‘Landing in Sydney’ by Melanie Lazarow via Flickr
The flights are booked, accommodation sorted and archive ‘to do’ lists piling up… it’s almost research trip time! In a month I’ll be back on the long haul flight to Oz, keen to revisit some of the libraries, museums and archives that I worked in on my previous trip, as well as new ones in Brisbane and Sydney. This time round I’ve been able to arrange my trip to coincide with two conferences, the ‘Entangled Histories’ Australian Historical Association Conference in Newcastle, and the Australian and New Zealand Society for the History of Medicine (ANZSHM) Conference in Melbourne on the theme of ‘Health, Medicine and Society: Challenge and Change’.
This will be my first time at an ANZSHM Conference, where I’m delivering a ‘1000 words on a picture’ paper (one image, 1000 words, ten minutes, you get the idea!) I’ll be showcasing an object that will also feature in a public engagement programme launching later this year, and I’m really looking forward to hearing what others make of it (abstract below – can you guess the object?)
The AHA Conference feels like something of a return, as the last one I attended was in Adelaide in 2012, a few months before submitting my PhD thesis and shifting base to the UK. The 5 (gosh, 5!) intervening years have flown by, and with them have come some big changes, one of which will be coming along in the form of my 1 year old ‘research assistant’! I am fortunate that Australia is also ‘home’ for me, so bubs will get to enjoy time with family while I enjoy time with colleagues. The paper I’ll be presenting is based on some of my favourite sources from the project – oral histories and material culture, which together shed light on interactions between migrant patients and Australian medical professionals in the immediate post-war era (more in the abstract below).
Draft programmes for both conferences arrived in my inbox this week, and there are so many papers I am excited to hear, colleagues I’m looking forward to catching up with and others I hope to meet.
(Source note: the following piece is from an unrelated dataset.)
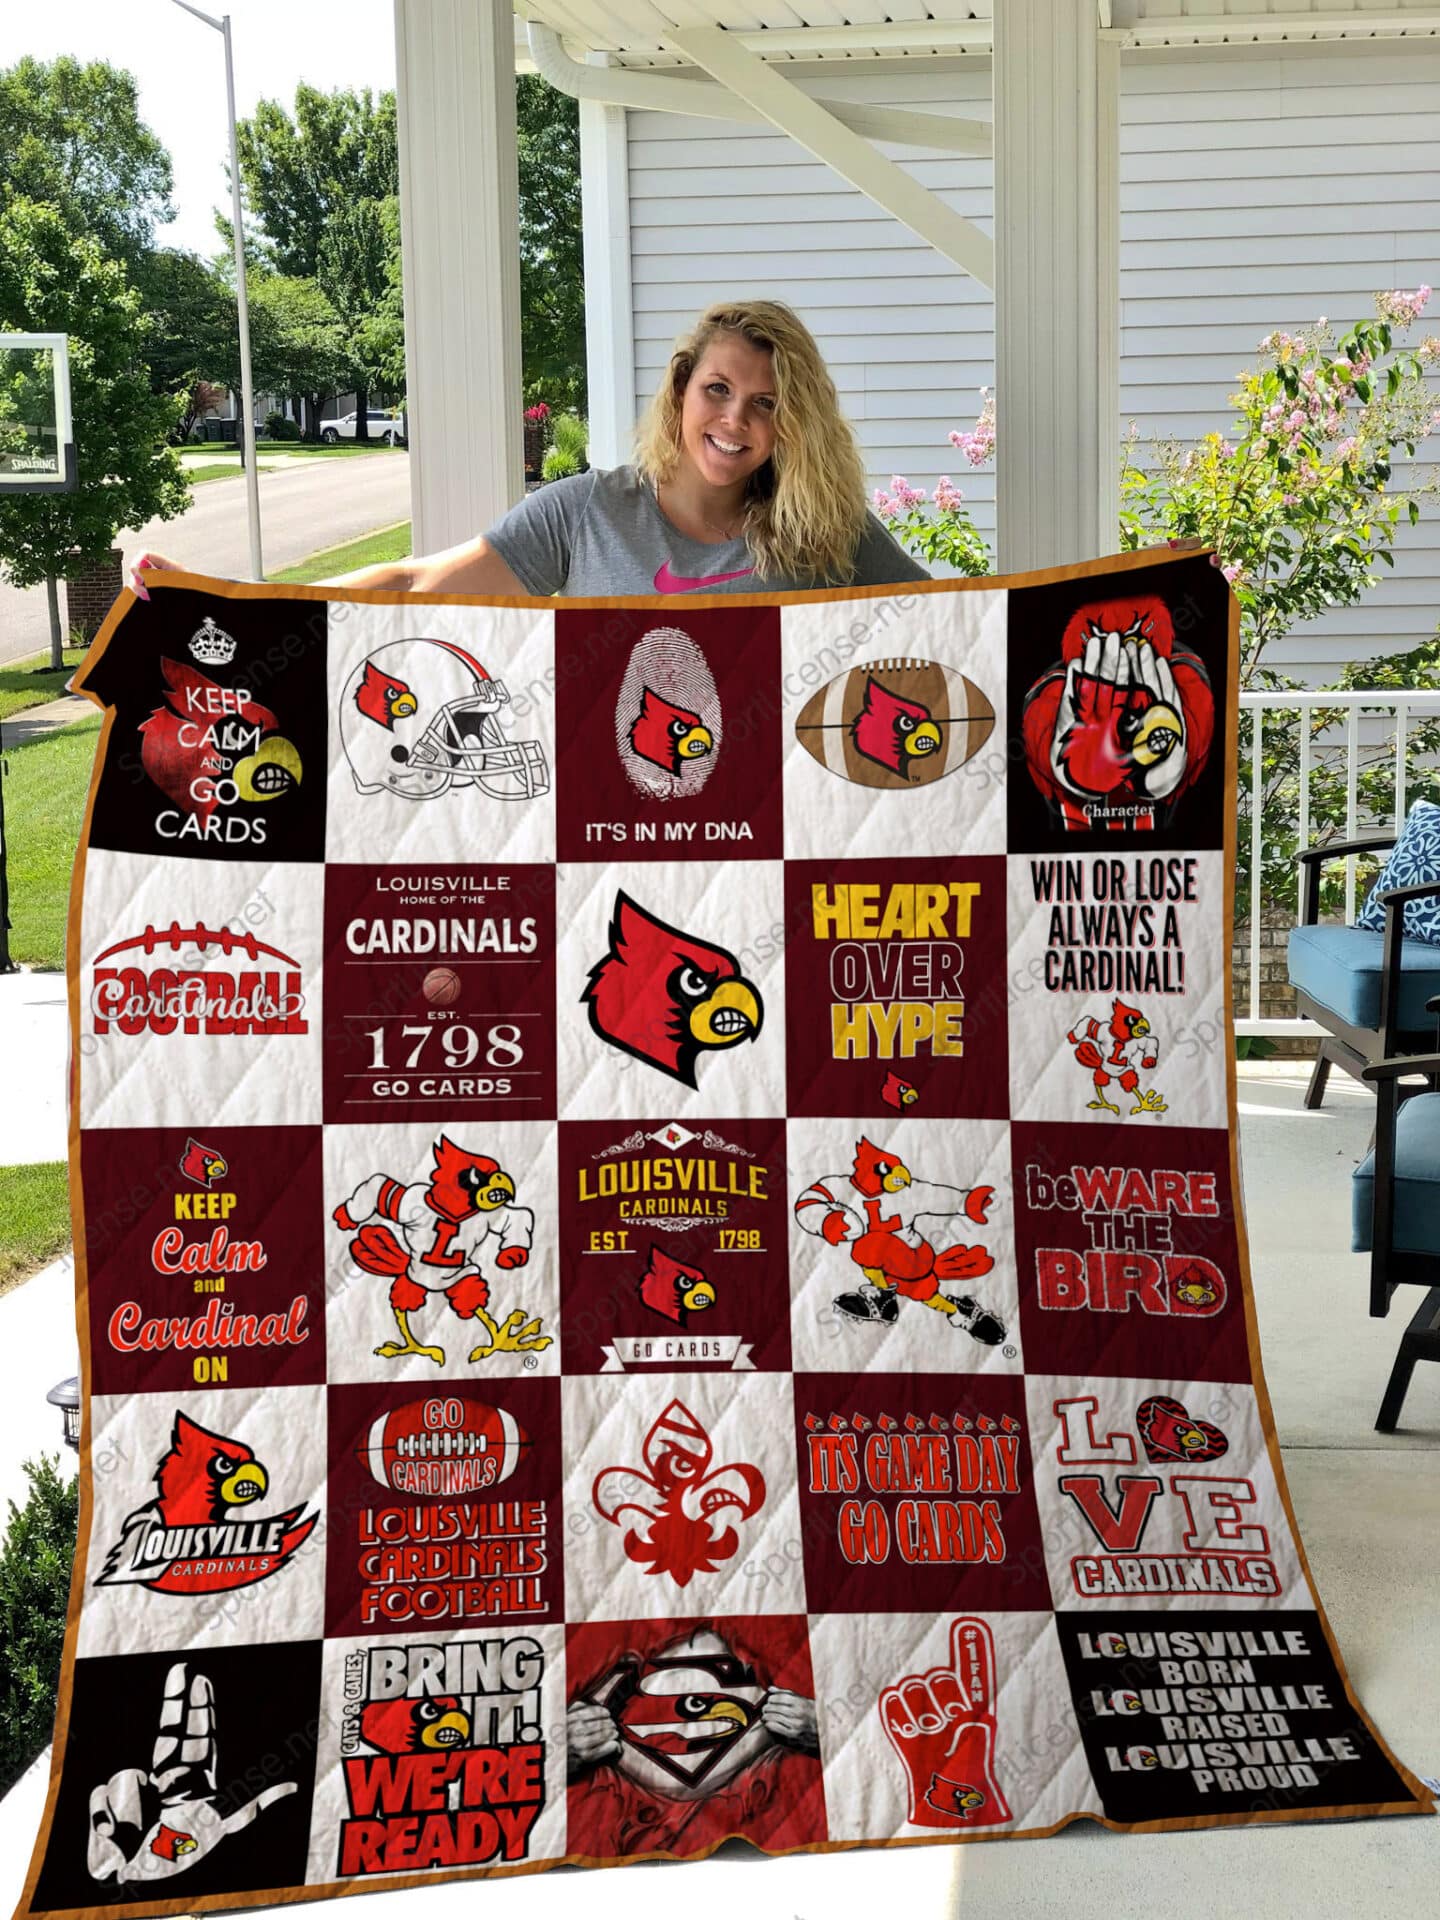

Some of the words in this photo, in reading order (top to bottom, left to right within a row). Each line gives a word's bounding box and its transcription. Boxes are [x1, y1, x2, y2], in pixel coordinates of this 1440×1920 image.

The countdown has well and truly begun – see you soon Australia!
Arriving prepared: migrant health and material culture in post-war Australia
This presentation showcases a piece of medical equipment brought to Australia in 1958 by an Italian woman, and now held in the collections of the Migration Museum in Adelaide. Bound up in this one small possession are beliefs about race, culture and difference which shed new light on encounters between migrants and medical professionals in post-war Australia. At a time when images of young, healthy ‘New Australians’ were key to the acceptance of the Government’s radical immigration scheme, the actual experiences of those migrants who navigated Australia’s health systems and medical culture were, and have since been, largely overlooked. I argue that personal objects, together with oral histories and written memoirs, can reposition migrants as active agents in the maintenance of their own health and that of their loved ones, rather than the passive subjects of medical expertise and government policy.
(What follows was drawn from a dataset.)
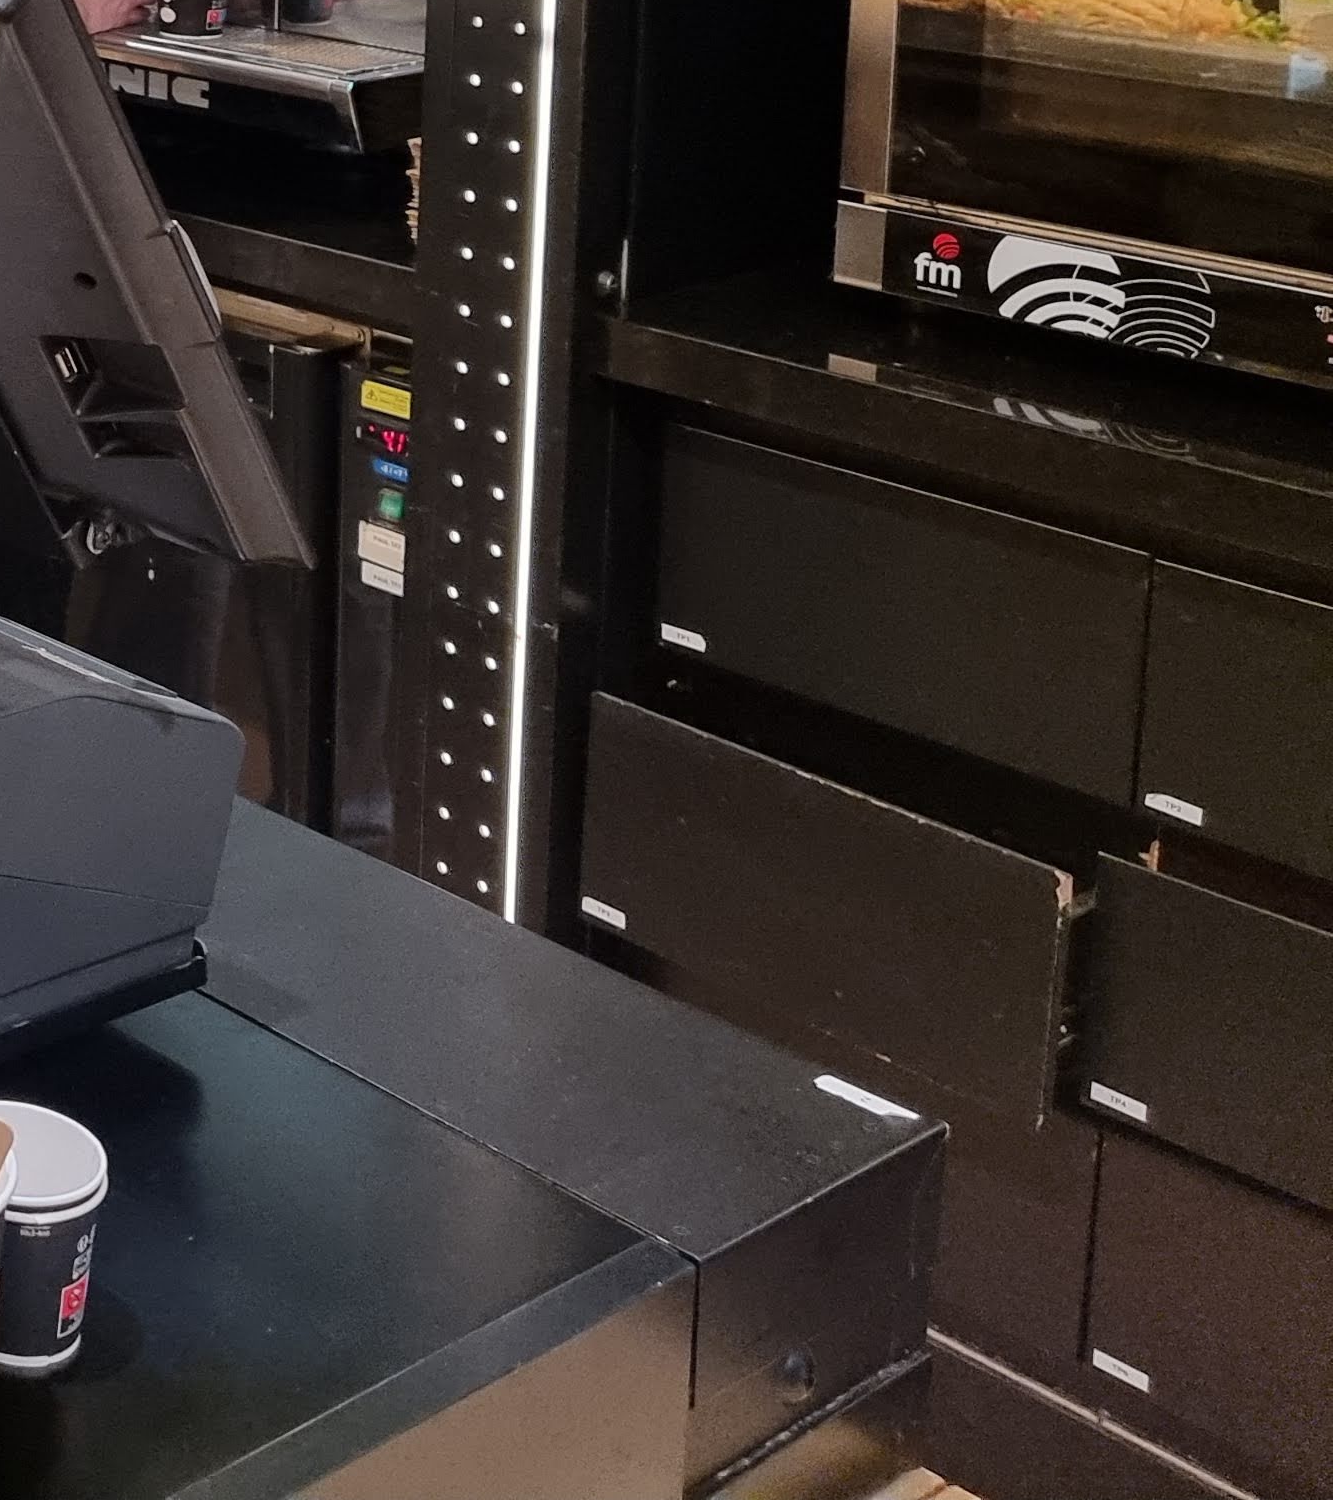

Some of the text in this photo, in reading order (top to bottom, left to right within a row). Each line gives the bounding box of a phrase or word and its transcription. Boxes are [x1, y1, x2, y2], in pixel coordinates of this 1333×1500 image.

[102, 62, 210, 109] NIC
[914, 251, 962, 290] fm
[1164, 800, 1182, 813] TP2
[1109, 1095, 1127, 1108] TP4
Migrants as patients: navigating healthcare in post-war Australia
Health shapes every stage of migration. But while immigration processes such as medical screening and quarantine leave a bureaucratic cache in the archives, encounters between migrants and the medical system in primary care settings are recorded in only scattered and diffuse ways. Likewise, personal or familial efforts to maintain health and wellbeing whilst establishing working lives in a new country leave little documentary evidence. Yet health continues to be important beyond national borders, both in the early years of settlement and throughout the life course of individuals, families and communities.
To better understand the role that health plays throughout the migration experience, this paper presents emergent findings from a study of oral histories, life writing and material culture yielded by people who journeyed to Australia during the peak years of the post-war immigration programme. These personal accounts are contextualised by the contemporaneous writings of medical professionals and grey literature from government departments and social scientists concerning ‘migrant problems’. The study enhances a growing literature on the gaps between immigration and settlement policies, government rhetoric and the lived experience of migrants in the period. I argue that a focus on health can provide a unique insight into the ways migrants navigated mid-twentieth century Australian society, attitudes, institutions and cultures. Such an approach can shed new light on structures of power which shaped the ways migrant patients were perceived by medical professionals and limited their access to mainstream healthcare.